The following is a transcript of a fake conversation I did not have with a Gaia’s Witness.
Gaia’s Witness: Hi. I’ve come to spread the word of Gaia.
GW: The great and almighty Gaia. The lord and protector of our planet, Earth.
Me: Are you serious?
GW: I certainly am. The divinity and benevolence of Gaia must be spread to all unbelievers.
GW: Those that do not believe in…
Me: Yeah, I got that. What’s wrong with unbelievers?
GW: They don’t believe in the one true god.
Me: You know, many people have another true god. Who are you to say they are wrong?
GW: I am a Gaia’s Witness.
Me: So, you’ve actually witnessed Gaia?
GW: Gaia is with us always.
Me: Yeah, right, of course. So, is there some sort of book, or bible or something.
GW: Gaia forbid. That would require the death of millions of innocent trees.
Me: So how do you spread the word, I mean, apart from disturbing me on this fine Sunday morning.
GW: Through our speech, and that our messiah Al Gore.
Me: Yeah, I heard you guys were calling him a prophet now.
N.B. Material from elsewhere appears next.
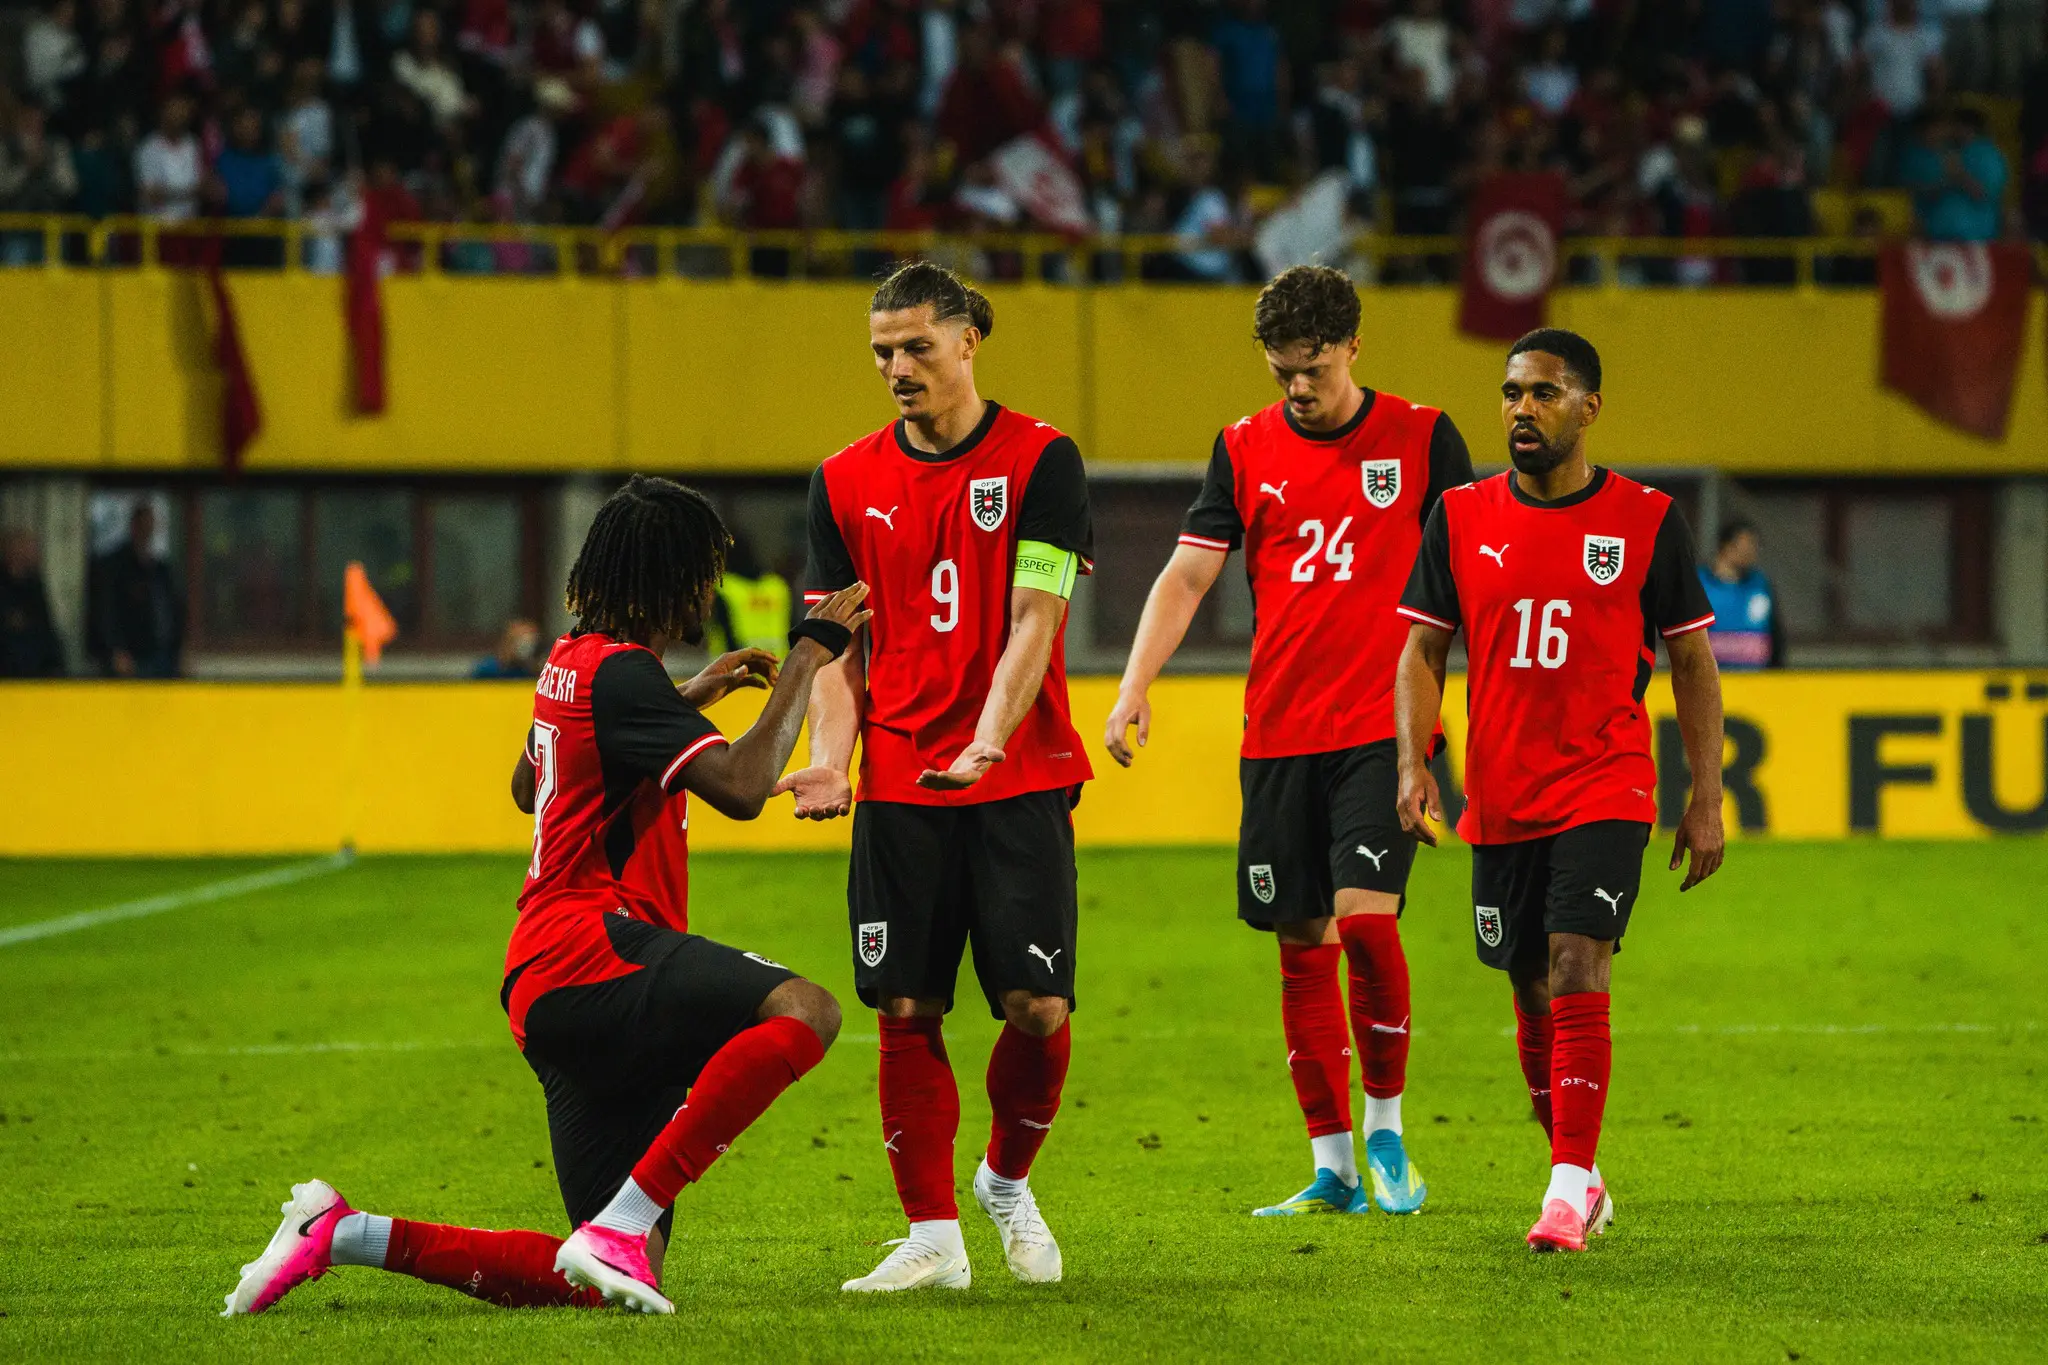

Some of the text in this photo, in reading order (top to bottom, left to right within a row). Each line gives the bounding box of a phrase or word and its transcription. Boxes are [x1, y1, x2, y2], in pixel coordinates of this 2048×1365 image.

GW: Not a prophet, the messiah.
Me: As in…
GW: The son of Gaia.
GW: How did you celebrate your last Goremas?
GW: Goremas, March 31. The birth of our messiah.
Me: I didn’t even know that was a thing.
GW: It is the most important day in the Gaia’s Witness calendar. That is, until he is martyred as he is killed by evil conservatives, influenced by wicked shock jocks.
Me: I think you’re a bit paranoid.
GW: No, it is the prophecy.
Me: I haven’t heard that before.
GW: Only the most fervent apostles have heard it.
Me: A down side of abandoning the written word.
GW: It is unimportant.
Me: So, is Gore coming back? After he is crucified at the behest of Alan “Augustus” Jones?
GW: No, why would he?
Me: I guess Jesus kicks his arse.
GW: Oh, glorious Gaia, forgive this unbeliever, for he knows not what he does.
Me: Settle down, Tim.
GW: How did you know my name?
Me: I recognise the beard.
GW: I see.
Me: So, what would you have us believe?
GW: The wisdom and the power of Gaia, of course. And you must learn the act as a nervous system for the planet.
Me: So, you can feel the earth’s pain?
GW: Yes. I can.
Me: (tosses coke can outside) That hurt?
GW: What hurt? Oh yes! Ouch. That hurt.
Me: You’re faking, aren’t you?
GW: I am not.
Me: If you weren’t, you would be in constant pain because the planet is constantly being polluted.
GW: I’m used to it.
Me: Sure. Sure. So, how do you feel about science?
GW: I don’t mind it. Especially when it has to do with the evolution of kangaroos.
Me: Yeah, I like kangaroos too.
GW:I sense you have just been humouring me. You have no intention of kneeling down to the power of Gaia, do you?
Me: I was open to it, but then you told me there was kneeling involved.
GW: You lie.
Me: Okay, you got me. What are you going to do, strike me down?
GW: Not me. (wind howls) You will feel Gaia’s wrath.
Me: Yeah, that’s just the wind.
GW: It is the will of Gaia.
Me: No, it’s just the wind.
GW: (thunder roars) What about that?
GW: (walks away) We shall see. We shall see.